El guajolote empezó a temblar. Su cuerpo se convulsionó, sus plumas cayeron al suelo, su pico se alargó y se transformó en una boca arrugada, con dientes largos y afilados.

Sus patas se extendieron y se convirtieron en manos huesudas, de dedos largos y garras amarillentas.
Frente a Mateo ya no había un ave, sino un anciano alto y encorvado, de piel ajada y ojos hundidos. Su sonrisa revelaba una hilera de dientes podridos.
—Sabía que vendrías, niño… —dijo con voz profunda y gutural.
Mateo intentó gritar, pero su voz no salió. Su cuerpo estaba paralizado.
El anciano levantó una mano y Mateo sintió que algo invisible lo sujetaba por el cuello y lo levantaba en el aire.
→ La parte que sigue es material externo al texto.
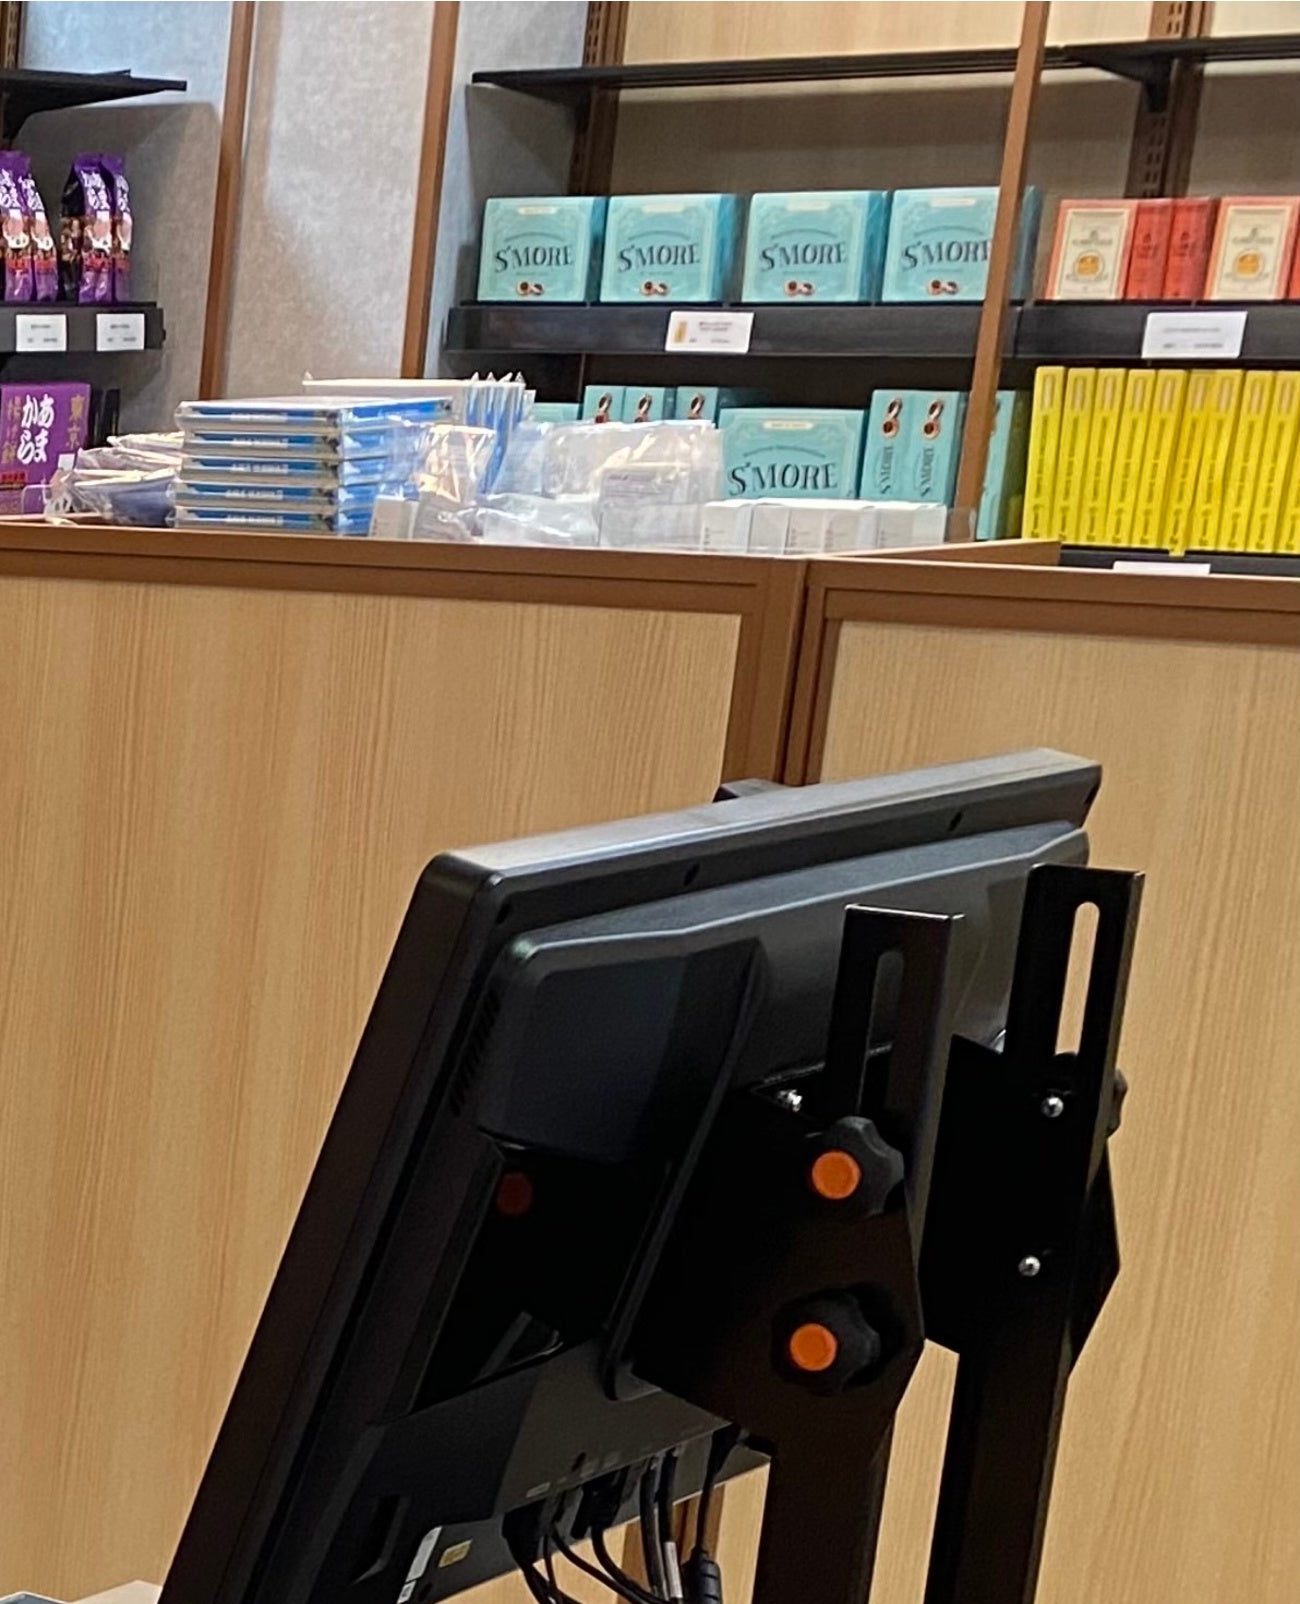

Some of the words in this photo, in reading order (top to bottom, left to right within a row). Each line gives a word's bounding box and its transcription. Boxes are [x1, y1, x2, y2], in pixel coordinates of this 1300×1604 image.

[494, 245, 574, 273] S'MORE
[617, 244, 701, 273] S'MORE
[760, 242, 847, 271] S'MORE
[729, 461, 838, 497] S'MORE
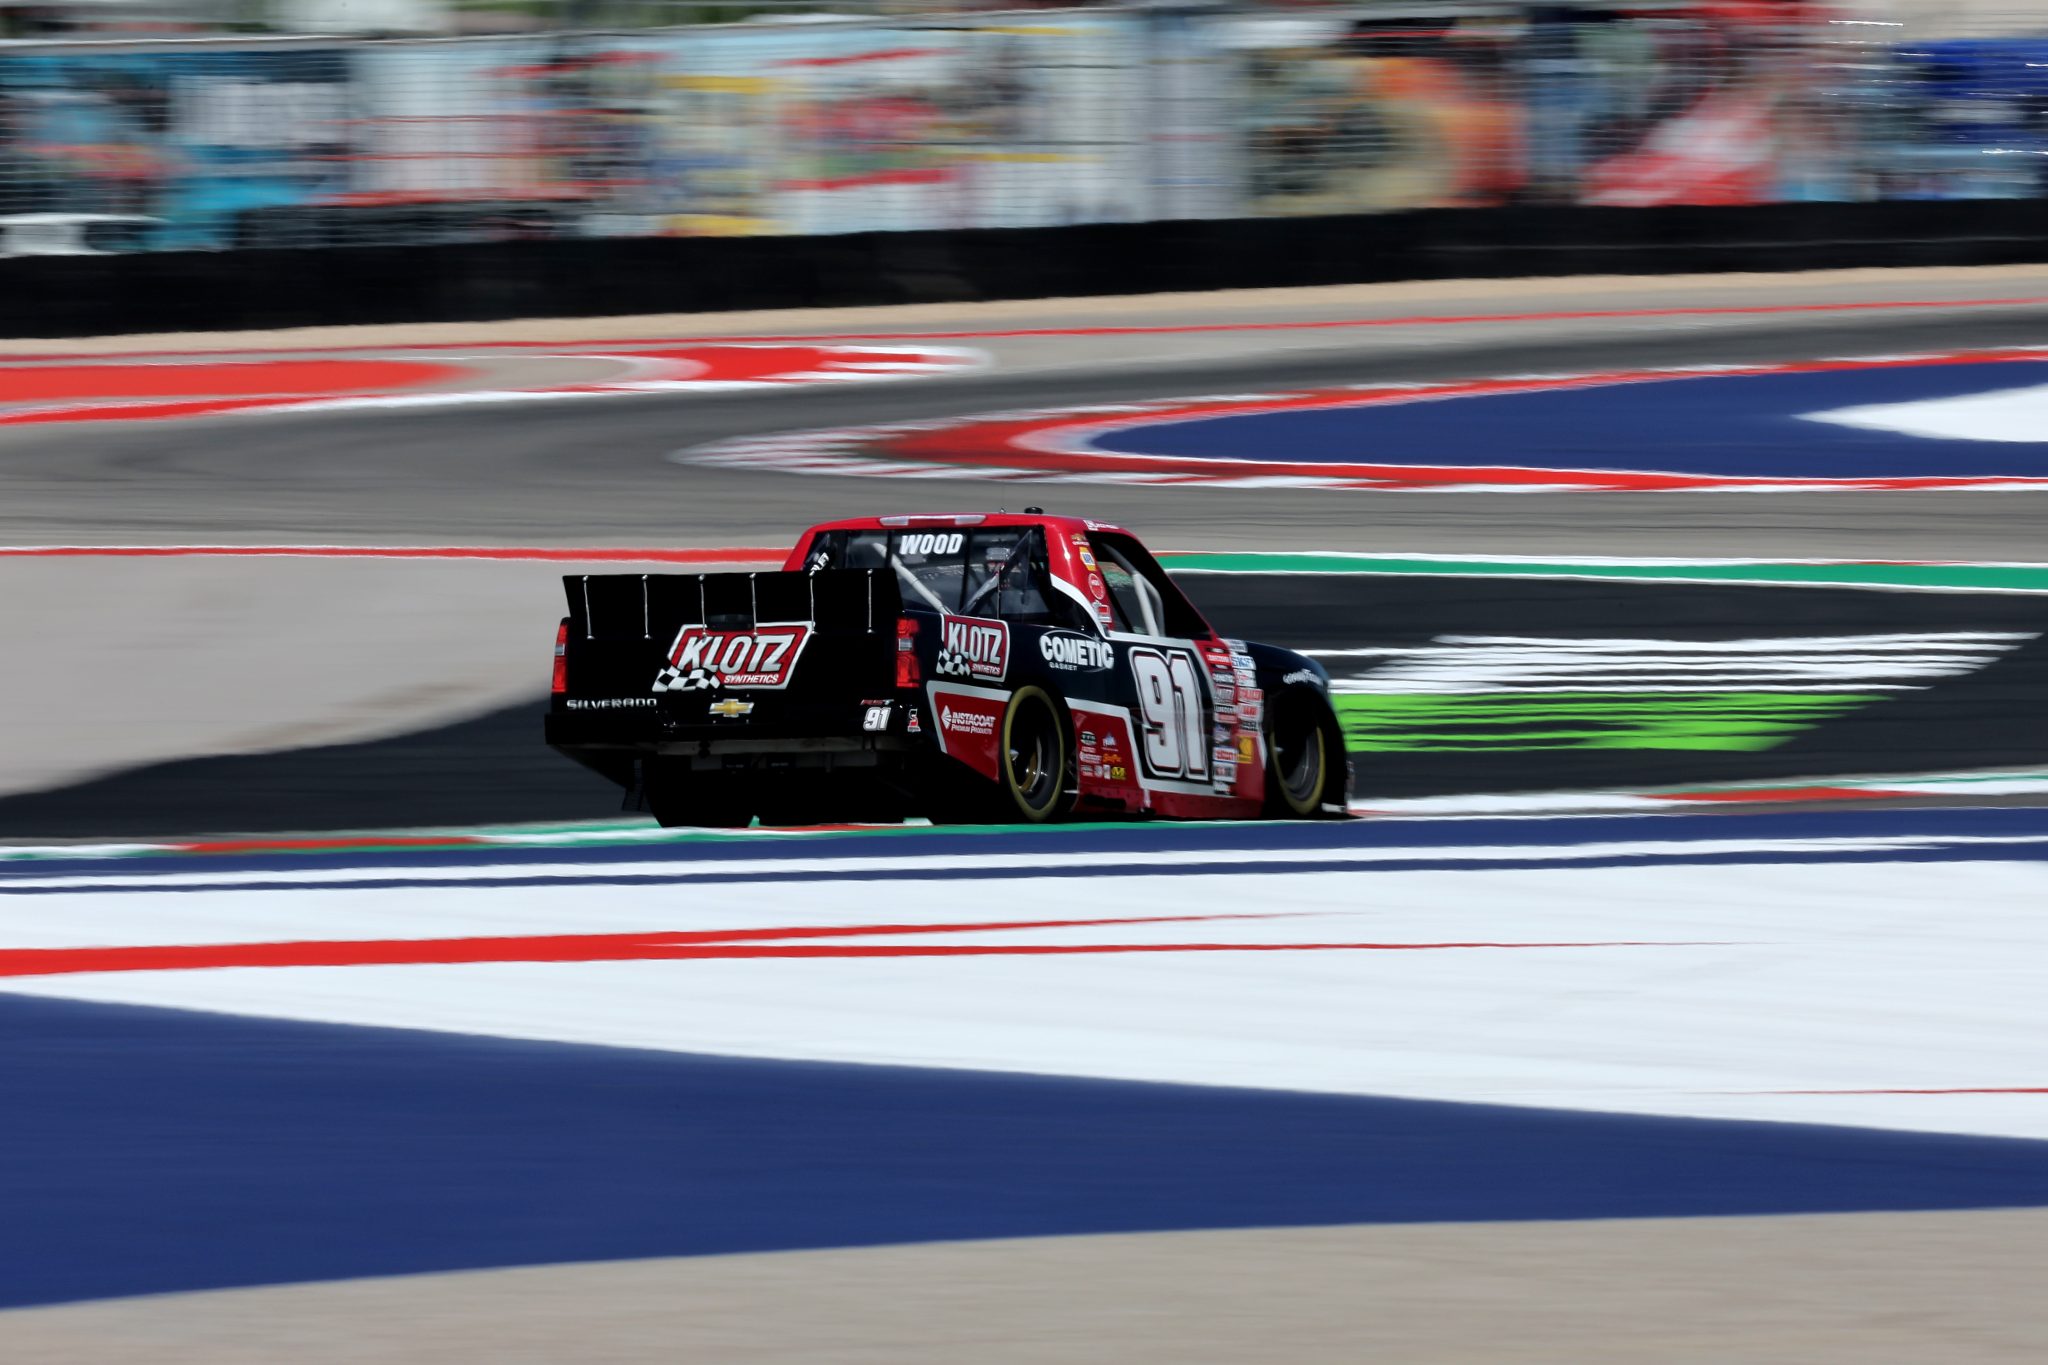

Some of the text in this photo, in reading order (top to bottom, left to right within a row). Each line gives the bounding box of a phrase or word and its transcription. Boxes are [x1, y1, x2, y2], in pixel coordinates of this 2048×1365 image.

[900, 533, 964, 555] WOOD
[677, 633, 796, 675] KLOTZ
[948, 621, 1003, 664] KLOTZ
[1039, 635, 1115, 669] COMETIC
[724, 674, 780, 684] SYNTHETICS
[972, 663, 1001, 676] SYNTHETICS
[566, 698, 657, 710] SILVERADO
[1129, 647, 1209, 781] 91
[863, 706, 892, 731] 91
[951, 711, 997, 728] INSTACOAT
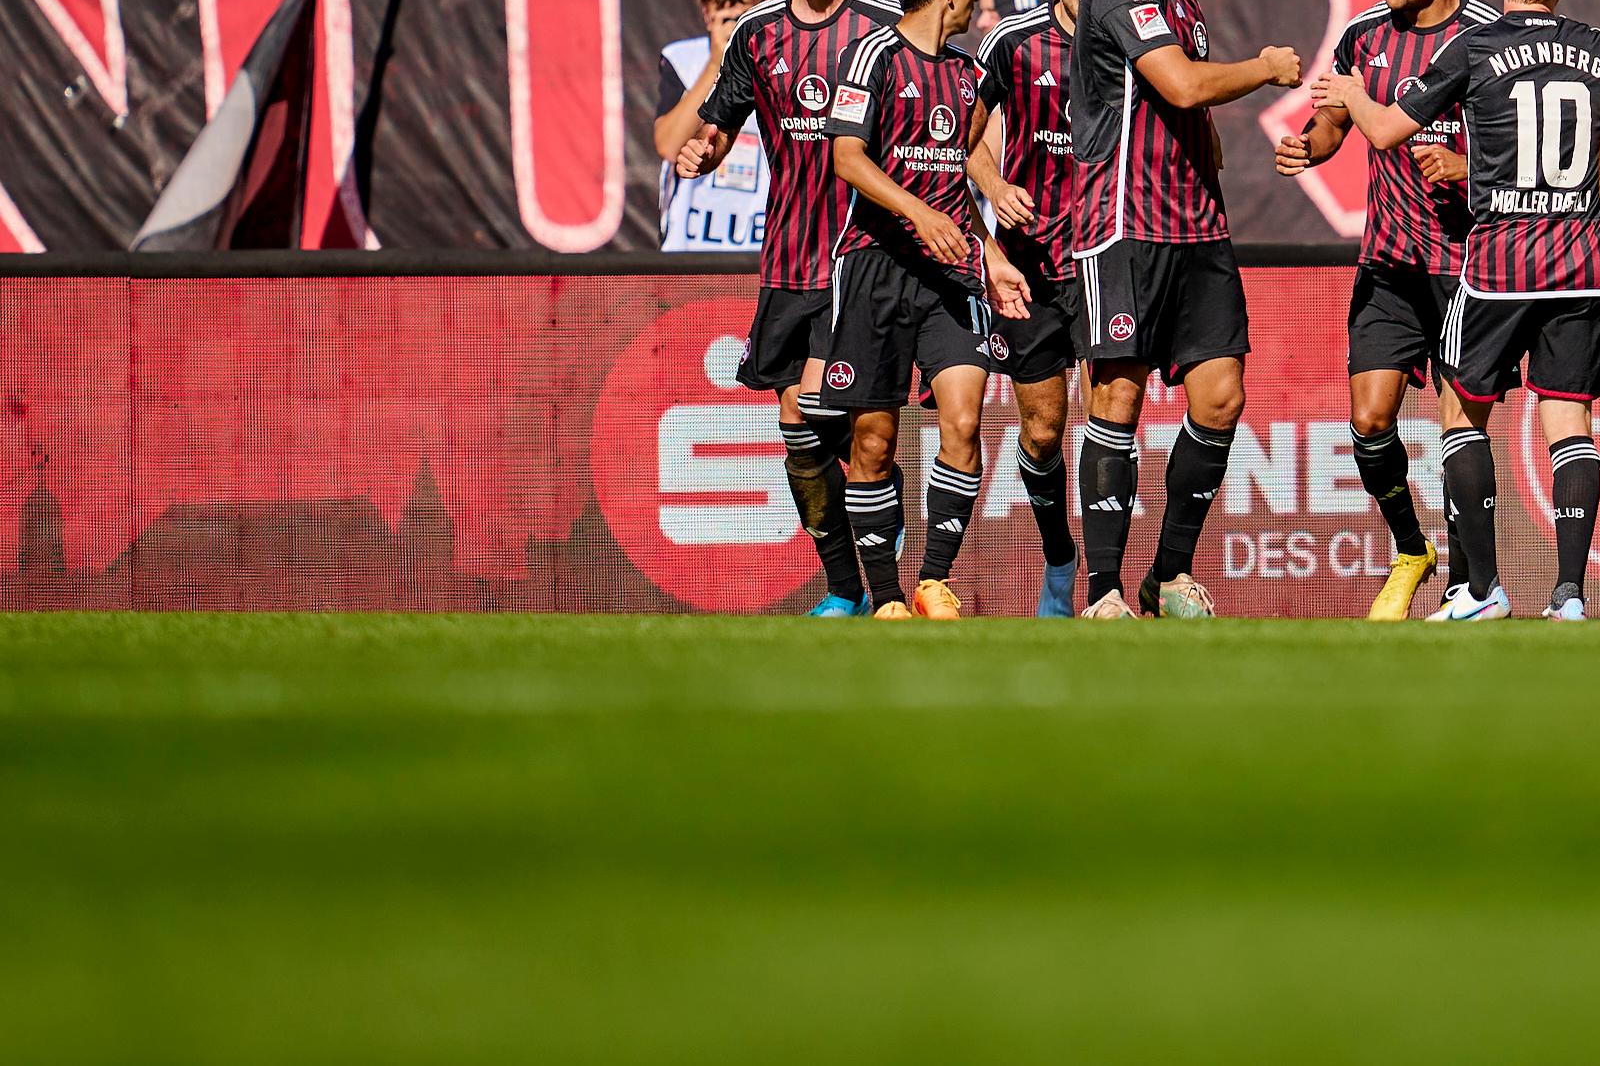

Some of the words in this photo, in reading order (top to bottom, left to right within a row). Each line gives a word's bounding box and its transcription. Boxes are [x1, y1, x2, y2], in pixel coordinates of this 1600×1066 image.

[1509, 80, 1593, 189] 10
[892, 144, 969, 162] NÜRNBERG
[904, 160, 963, 173] VERSCHERUNG
[1489, 189, 1549, 214] MØLLER
[1111, 324, 1133, 335] FCN
[920, 419, 1445, 516] ATNER
[1553, 507, 1585, 519] CLUB
[1224, 530, 1318, 580] DES
[1329, 529, 1450, 580] CL
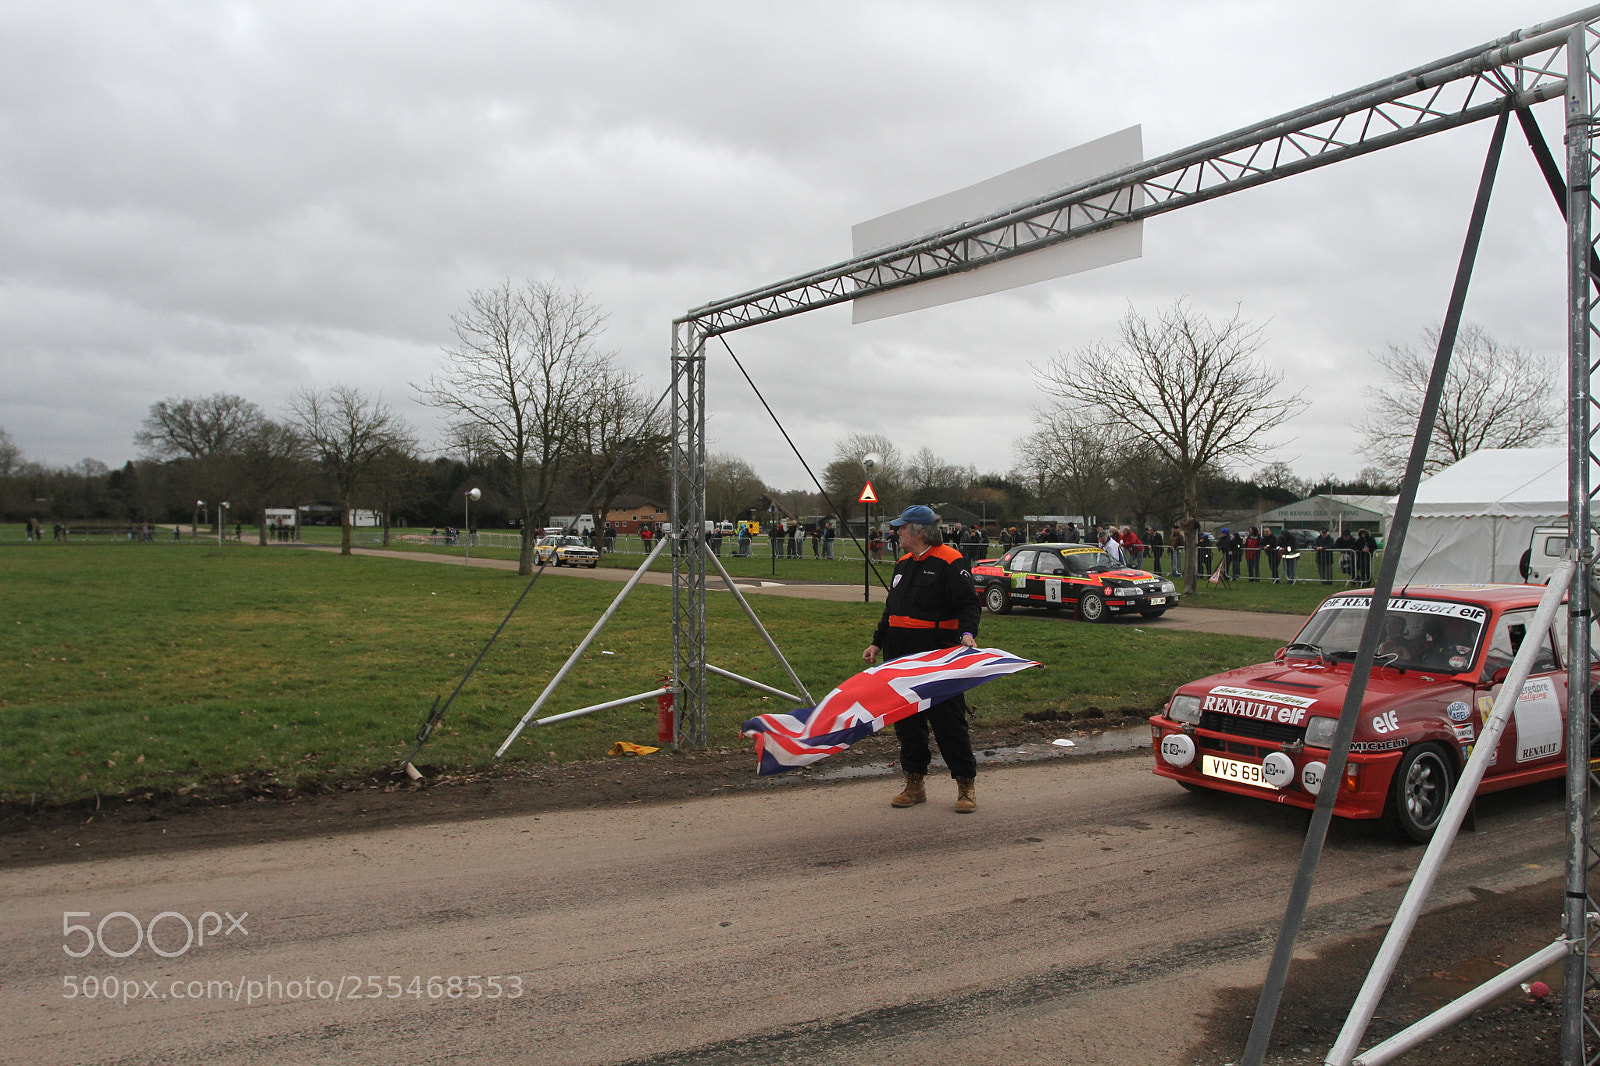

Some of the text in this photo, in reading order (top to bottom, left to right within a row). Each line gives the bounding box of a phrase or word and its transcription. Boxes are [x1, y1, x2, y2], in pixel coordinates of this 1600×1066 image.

Su corazón latía con fuerza, su visión se nublaba.
—Ahora serás uno de los míos… —susurró el nahual.
Y entonces, todo se volvió negro.
La búsqueda
Al amanecer, el pueblo entero despertó con la noticia de que Mateo había desaparecido.
Los hombres, armados con machetes y linternas, recorrieron la selva llamando su nombre. Buscaron en los ríos, en las cuevas y entre los árboles. Pero no había rastro de él.
Solo encontraron su ropa desgarrada cerca de un claro en el bosque.
Y lo más aterrador… huellas de guajolote alrededor de su ropa, pero ninguna de niño.
La madre de Mateo gritó de dolor, convencida de que el nahual se lo había llevado.
Los ancianos encendieron fogatas y colocaron amuletos en las puertas de sus casas, rogando que el espíritu oscuro no regresara por más niños.
Pero el destino tenía otros planes.
El regreso de Mateo
Pasaron tres días. Y en la madrugada del cuarto, los perros del pueblo comenzaron a ladrar como nunca antes.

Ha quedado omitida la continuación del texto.